He reaches for the pencil, ready to throw it at their makeshift target board to determine whether or not his shot succeeds, but Andrew pulls it away, clicking his tongue infuriatingly.
“Zombie nest,” Andrew says solemnly.
“No!”
“Uh-huh.”
Sure enough, Andrew flips the paper over, revealing a neat black dot under one of the squares Neil’s backliner was trying to cross.
Neil likes Exy a lot better on an actual court. Still, their time holed up in the apartment has been spent well.
He refuses to rip any of the photos of Kevin and Riko in his magazine, but he has no such sentimentality for the other members of their new team. The National High School League team, as the article proudly announced. Mary’s scalpel made a fine tool to cut out the heads of Kevin and Riko’s new teammates. Now they’re pieces in the board game.
A few borrowed rules: Dealers can move and pass diagonally, Backliners only horizontally and vertically, and Strikers in an L shape. The closer any two players are, the less accurate the pencil throw has to be for a pass to succeed. When on the same square as an opposing player, they can steal the ball, in this case, a single bullet perched on the paper court.
They’d adapted to the rules relatively quickly, but then Andrew got bored. Thus, zombie apocalypse. He’d said alien invasion was next, if Neil insisted on another round.
“There’s like eight zombies now,” Neil says.
“Congrats, you can count.”
“They’re going to get Kevin.”
Neil won’t defile Kevin and Riko’s photos, but he also won’t keep them off the court. So, they scribbled a one and a two on the sternest-looking National League players. Riko had been the first one to step on a hidden zombie nest, and now, after arguing that he wanted at least one of the future Perfect Court, Andrew is about to lose his draft pick.

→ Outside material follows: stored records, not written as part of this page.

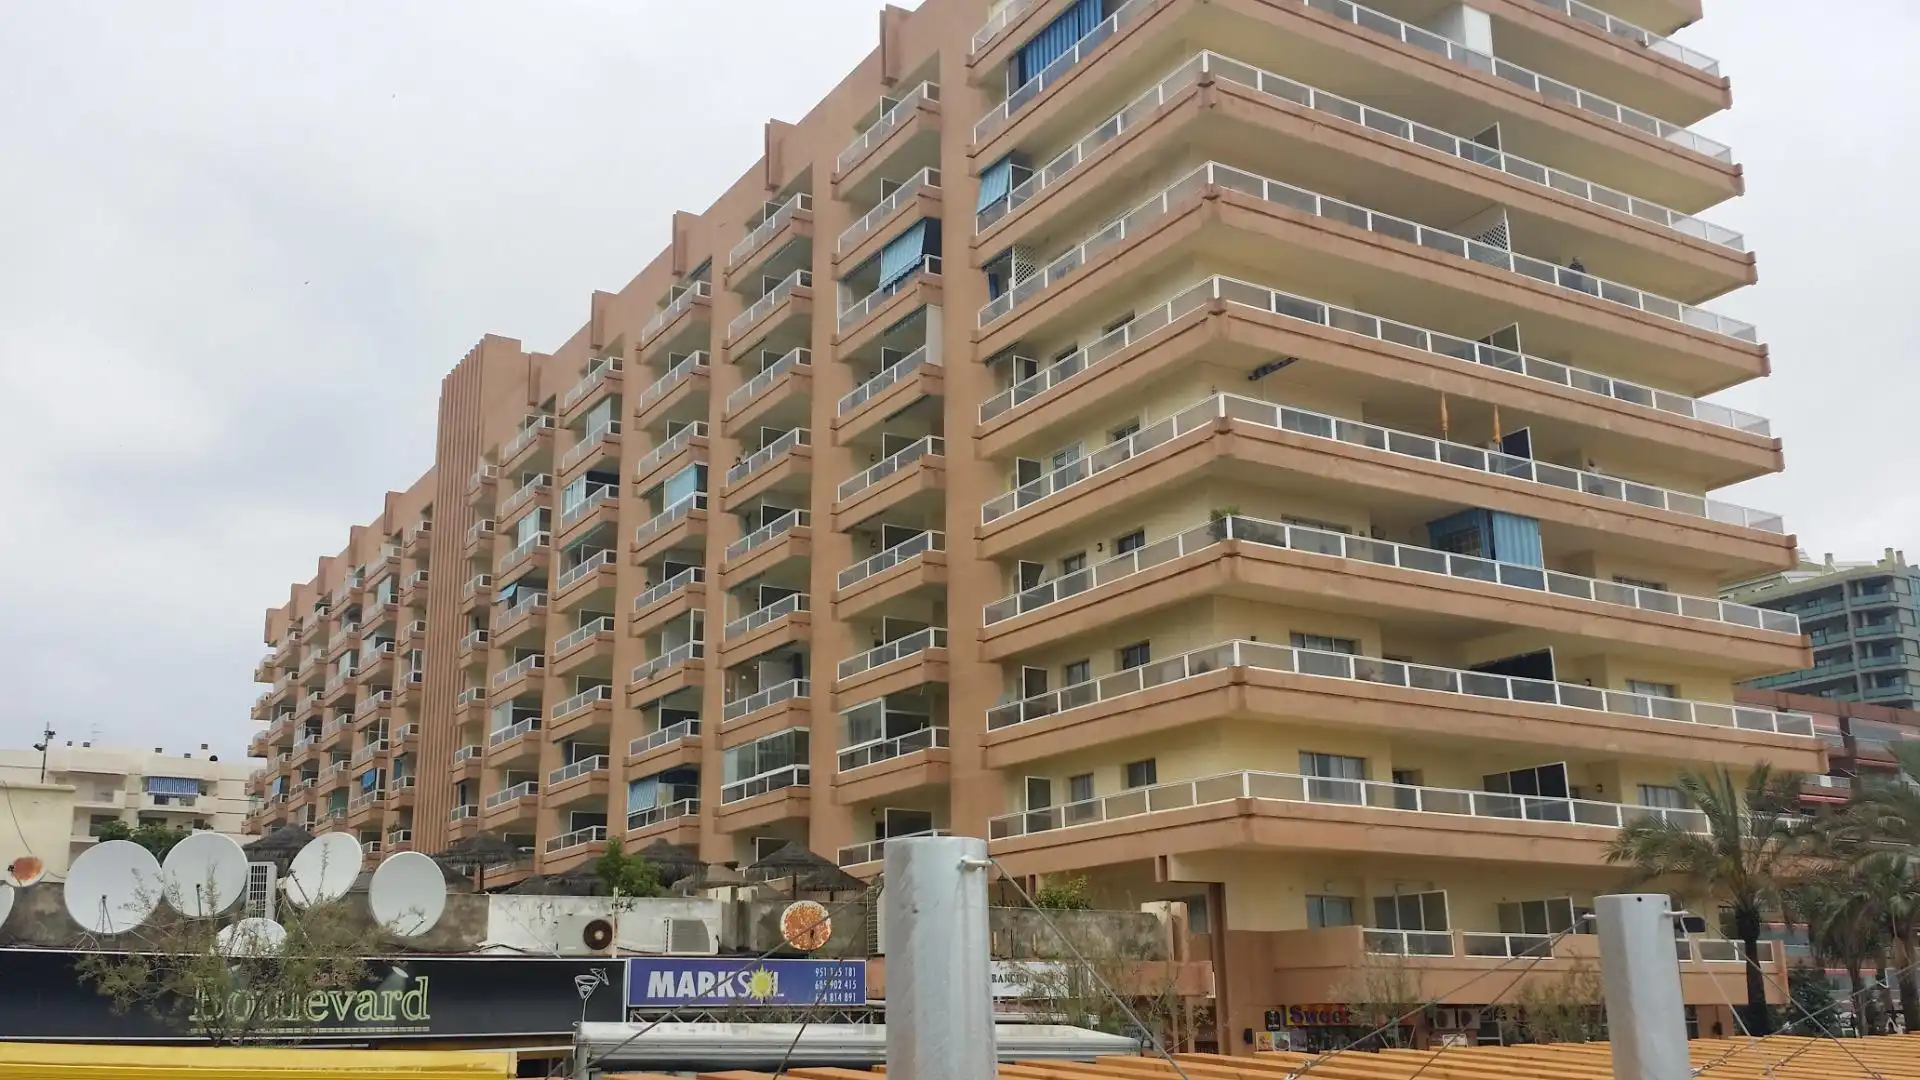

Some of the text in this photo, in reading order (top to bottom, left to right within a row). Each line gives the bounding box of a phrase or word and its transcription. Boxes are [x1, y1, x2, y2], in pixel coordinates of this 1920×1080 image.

[815, 967, 827, 977] 951
[845, 967, 856, 977] 181
[647, 967, 785, 1001] MARKSOL
[844, 979, 857, 990] 415
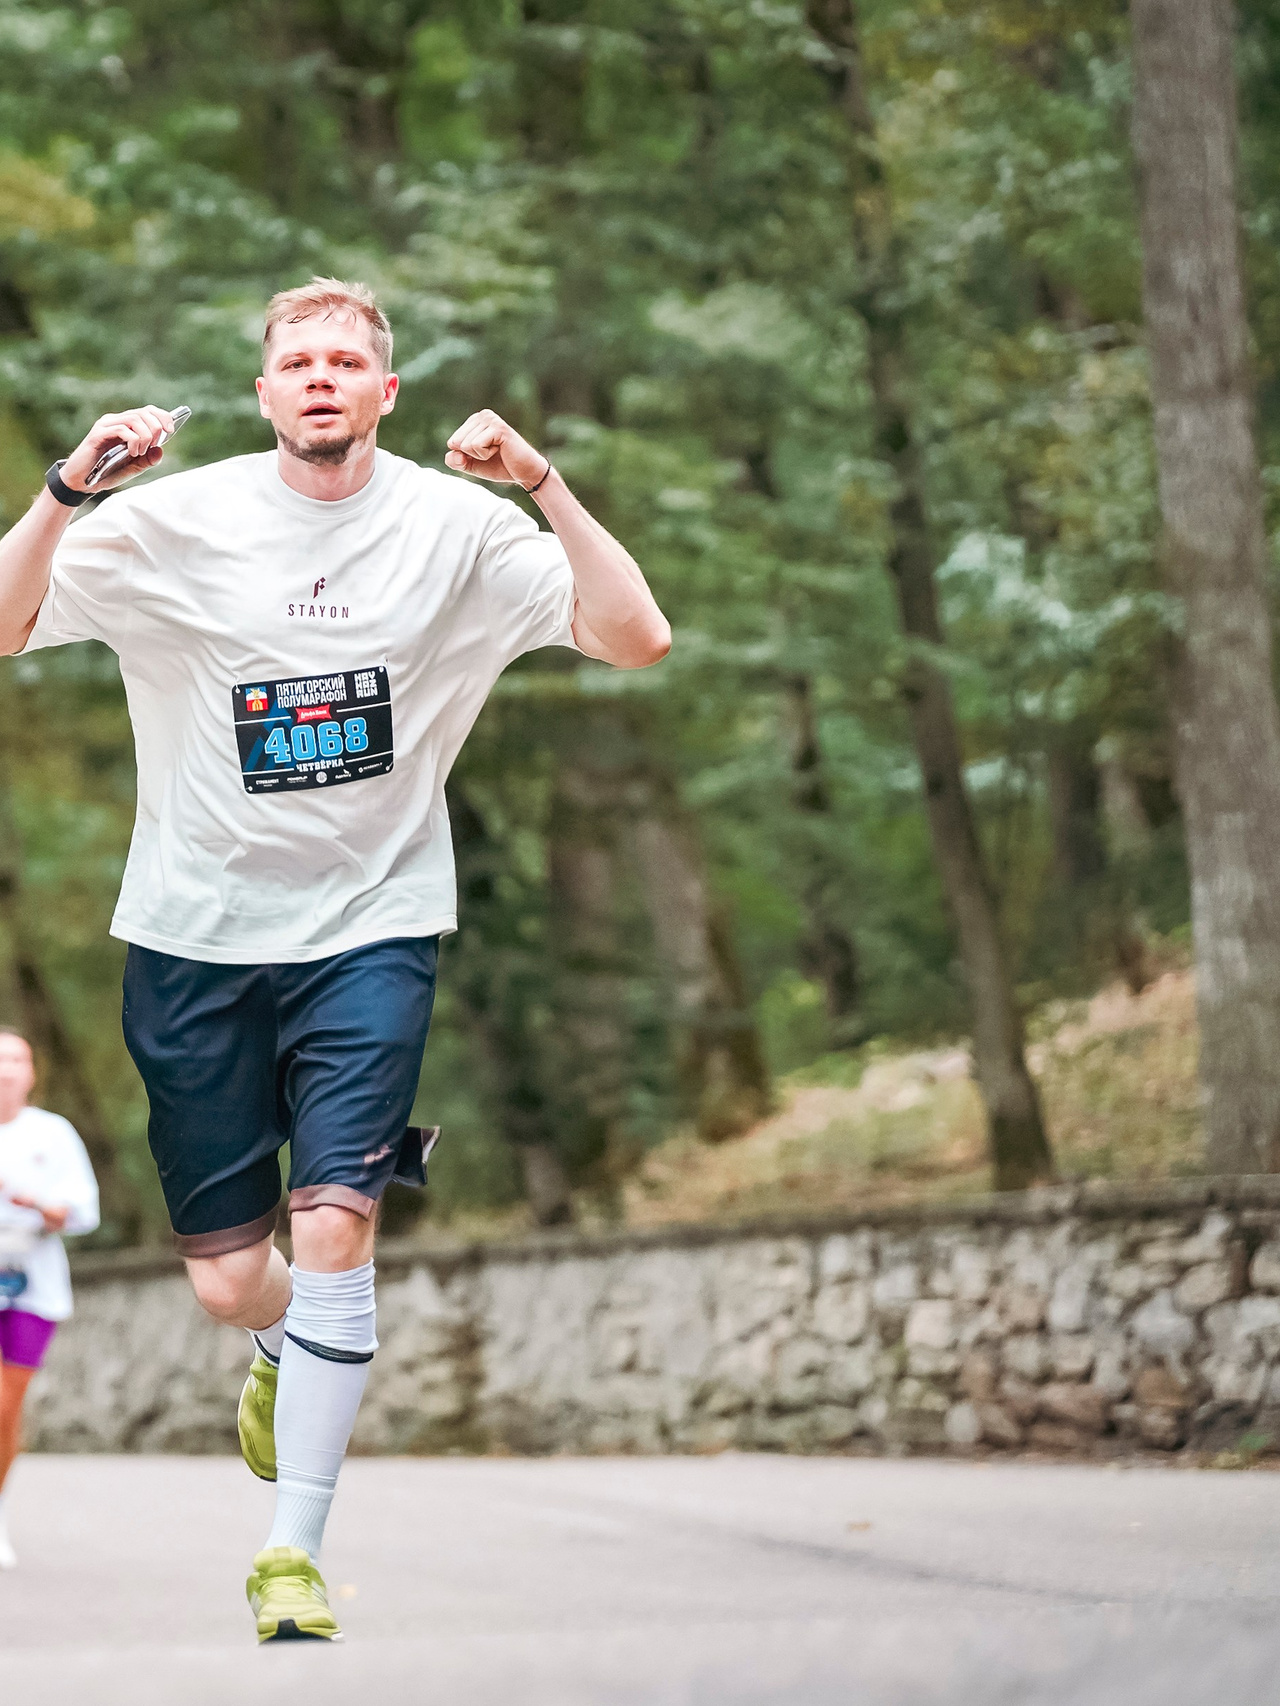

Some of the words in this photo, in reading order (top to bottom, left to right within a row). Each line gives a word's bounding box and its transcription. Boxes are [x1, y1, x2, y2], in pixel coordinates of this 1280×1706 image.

[288, 603, 349, 618] STAYON
[275, 674, 346, 697] ПЯТИГОРСКИЙ
[356, 688, 379, 699] RUN
[277, 689, 348, 709] ПОЛУМАРАФОН
[264, 717, 369, 763] 4068
[296, 758, 345, 772] ЧЕТВЁРКА
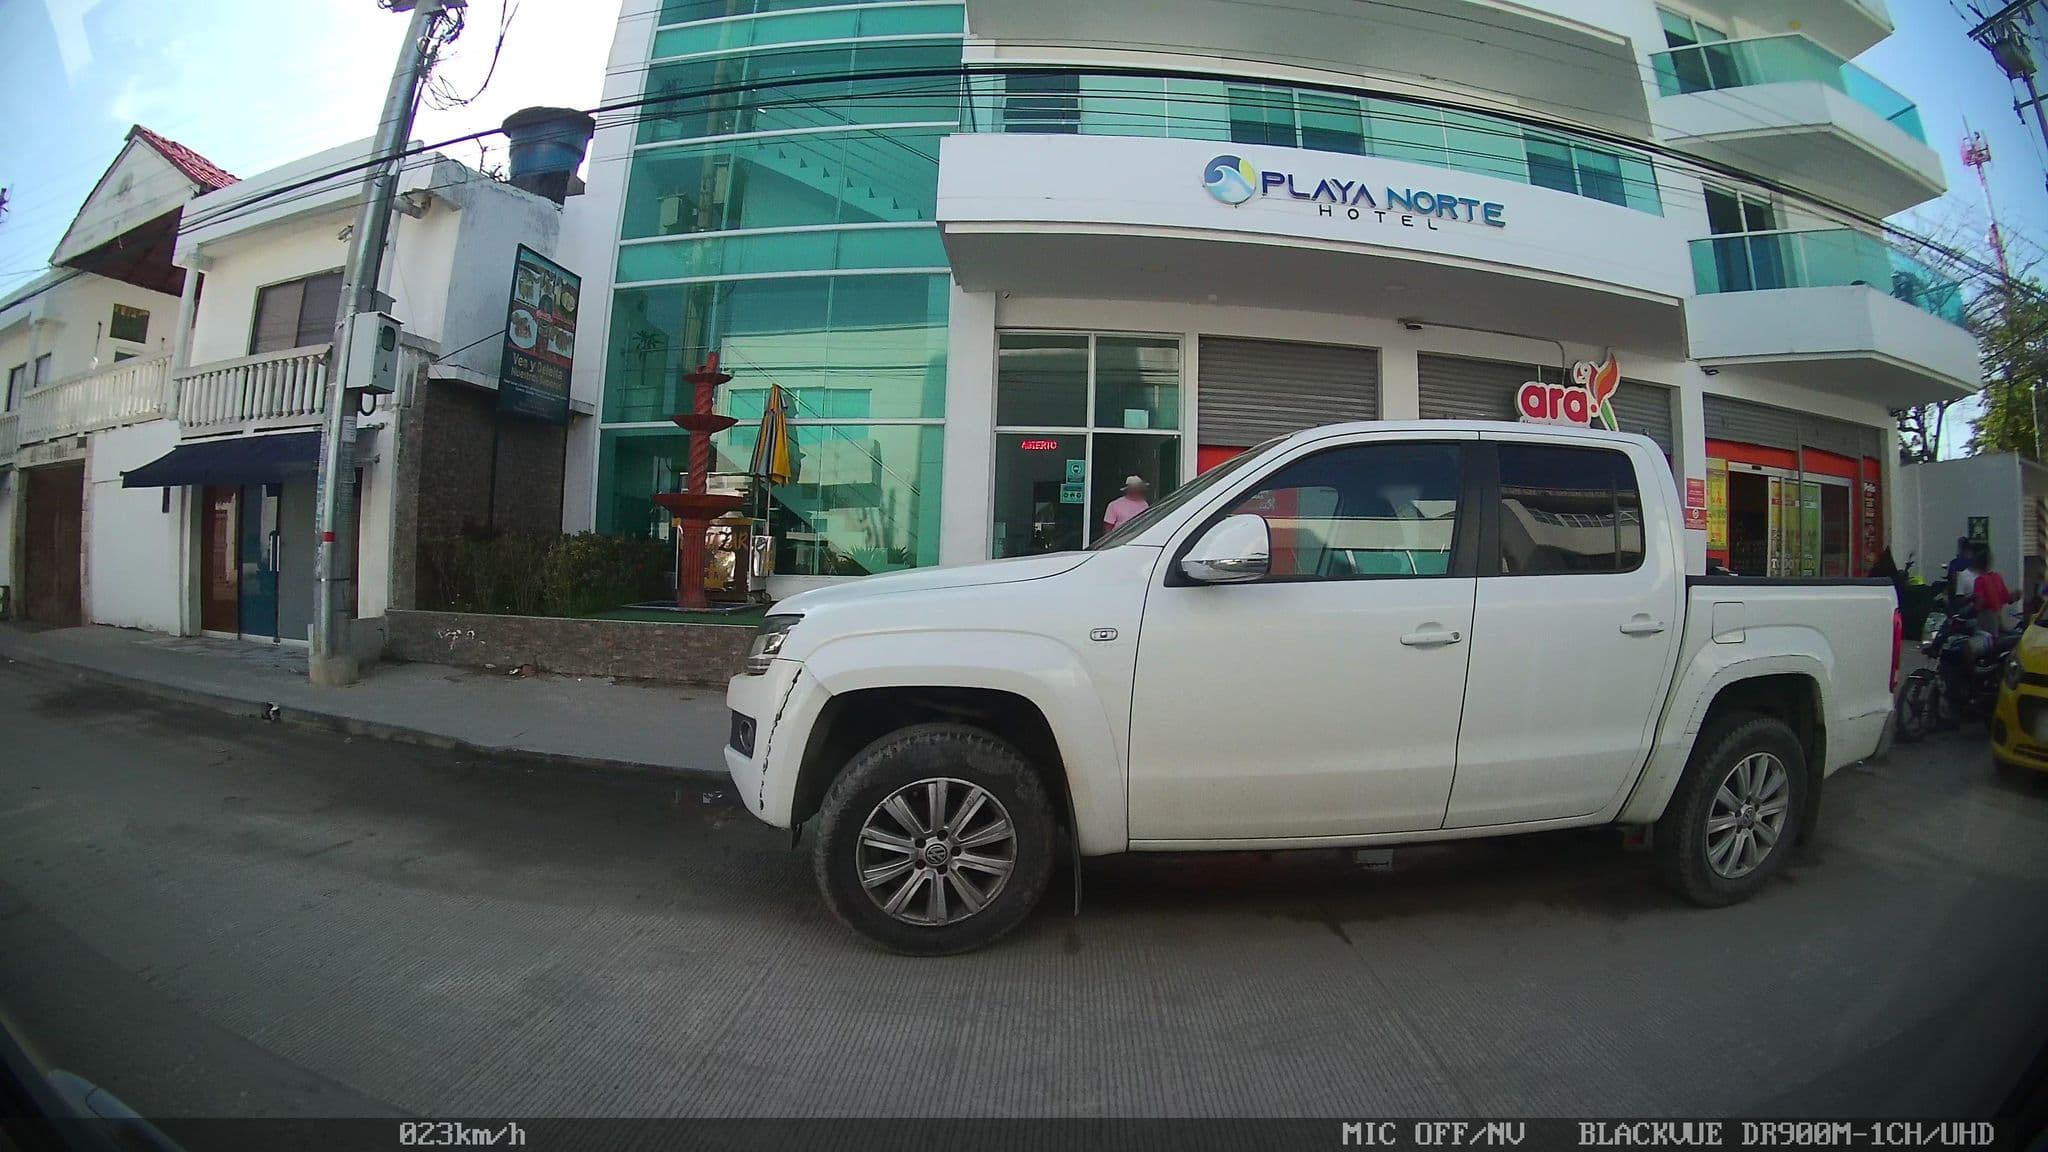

“Sucks to be Kevin,” Andrew says, but he stops trying to score on Neil and moves Kevin back towards his goal. They spend the next few turns fouling the zombies off the court before the infestation can spread. Then, Andrew gets sidetracked. “Say you get stuck in an Exy stadium, and all the stampeding and stuff blocked the exits. But lots of the crowd turned, so there’s tons of zombies everywhere.”
“We should lock down the court first,” Neil says, “Use it as a home base so the zombies can’t mess it up–no, seriously, not just to protect the court. The doors lock, so we can shut ourselves in.”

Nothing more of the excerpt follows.